枯井戸
小狸
短編
ある冬の日のことである。
描きたいものがなくなった。
ふと、そういう思いに駆られた。
私は、イラストレーターである。
――などと、胸を張って言えるような立場ではない。絵を描いて食べている訳ではないし、企業から都合良く案件が飛んで来るわけでもない。
一応美術大学を出て、一般企業に就職して、空いた時間にイラストを描いてはネット上にアップしている。親がデザイン系の仕事に就いていることもあって、そういう環境についてはおさがりを貰うことができた。ここまでの文から伝わっていると嬉しいのだが、絵を描くのにも色々種類がある。絵具、点描、油絵、水彩、鉛筆、水墨、等々あるけれど、私は、パソコンを使って絵を描いている。
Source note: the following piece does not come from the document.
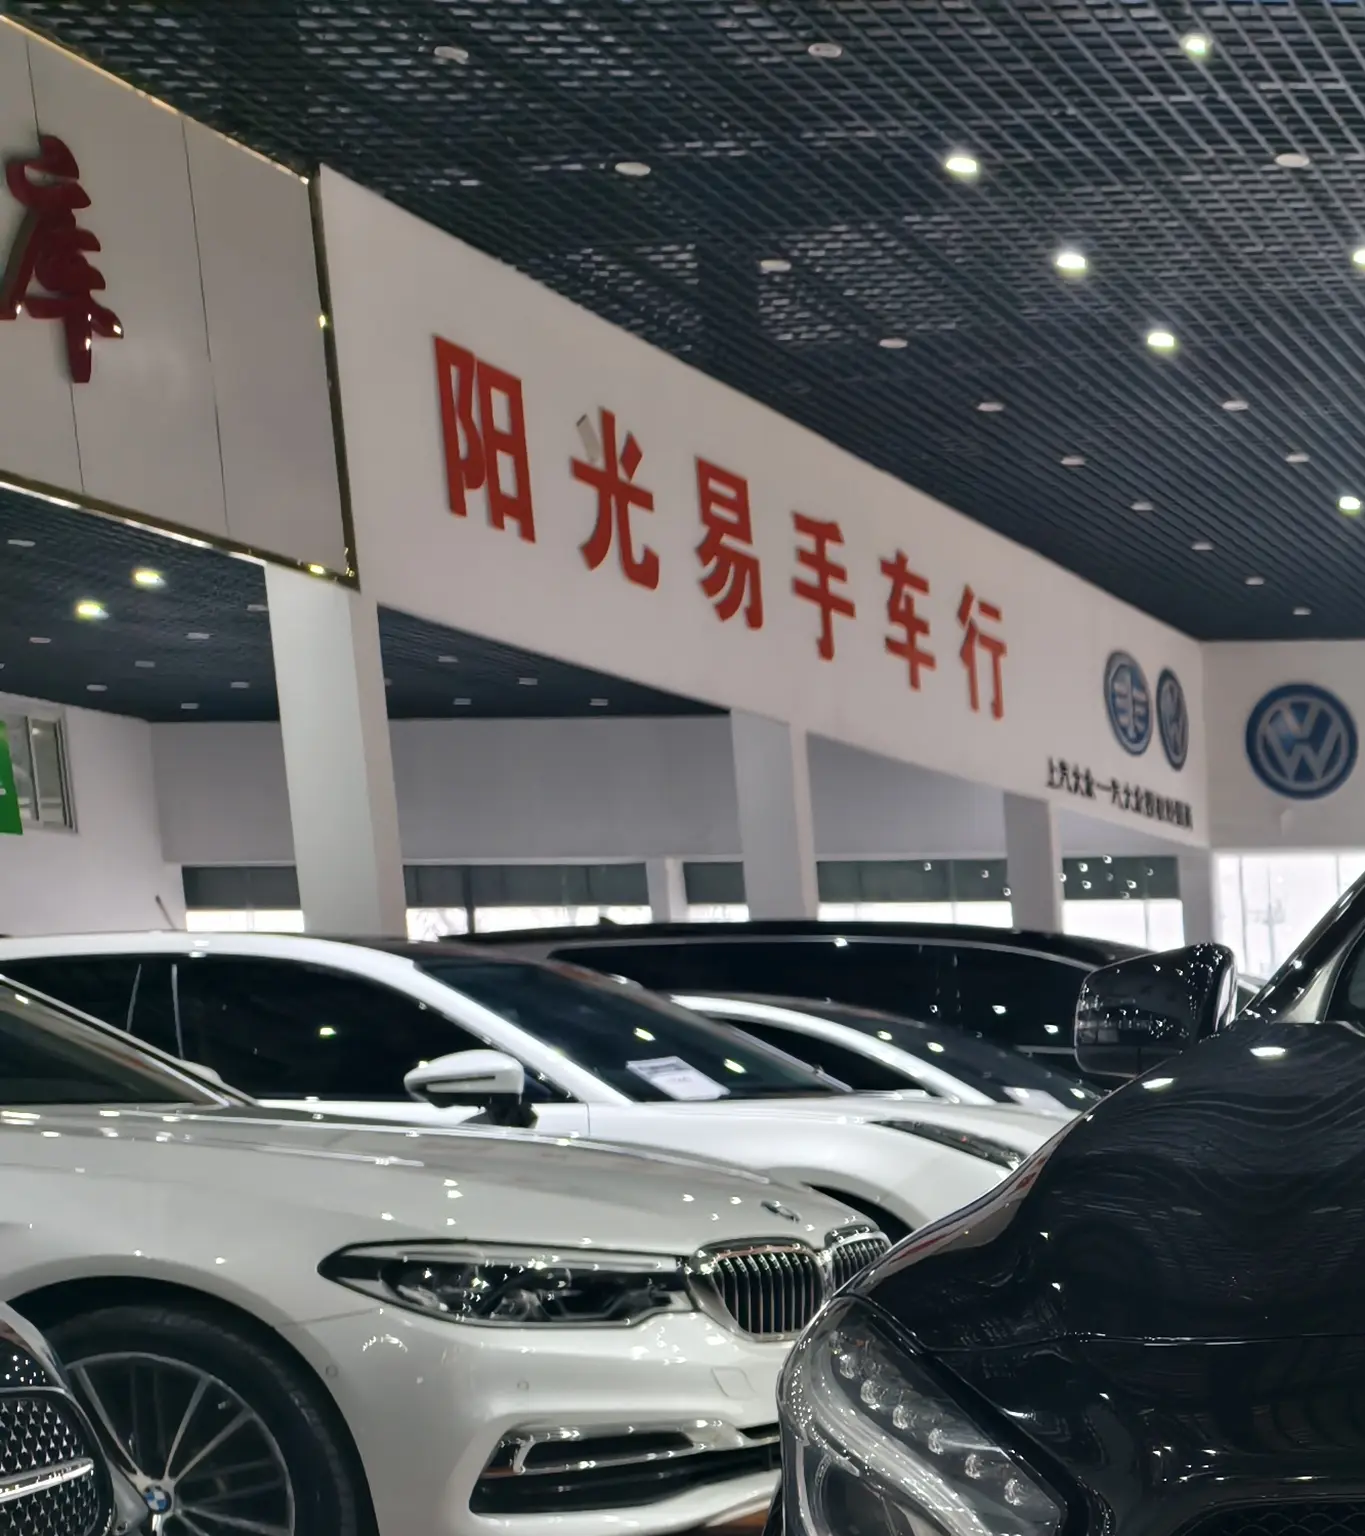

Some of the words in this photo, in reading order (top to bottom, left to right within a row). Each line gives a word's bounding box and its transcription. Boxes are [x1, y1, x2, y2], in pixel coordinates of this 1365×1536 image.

本格的に絵を投稿し始めたのは高校生の頃だったけれど、果たして上達しているのかどうかは分からない。
私が書く絵は、主に一次創作の人物の絵である。
一次創作、といって、一体どれくらいの人に伝わるか分からないので(そして私は物書きではないので)、一応補足しておくと、まあ要するに、オリジナルの絵を描いている。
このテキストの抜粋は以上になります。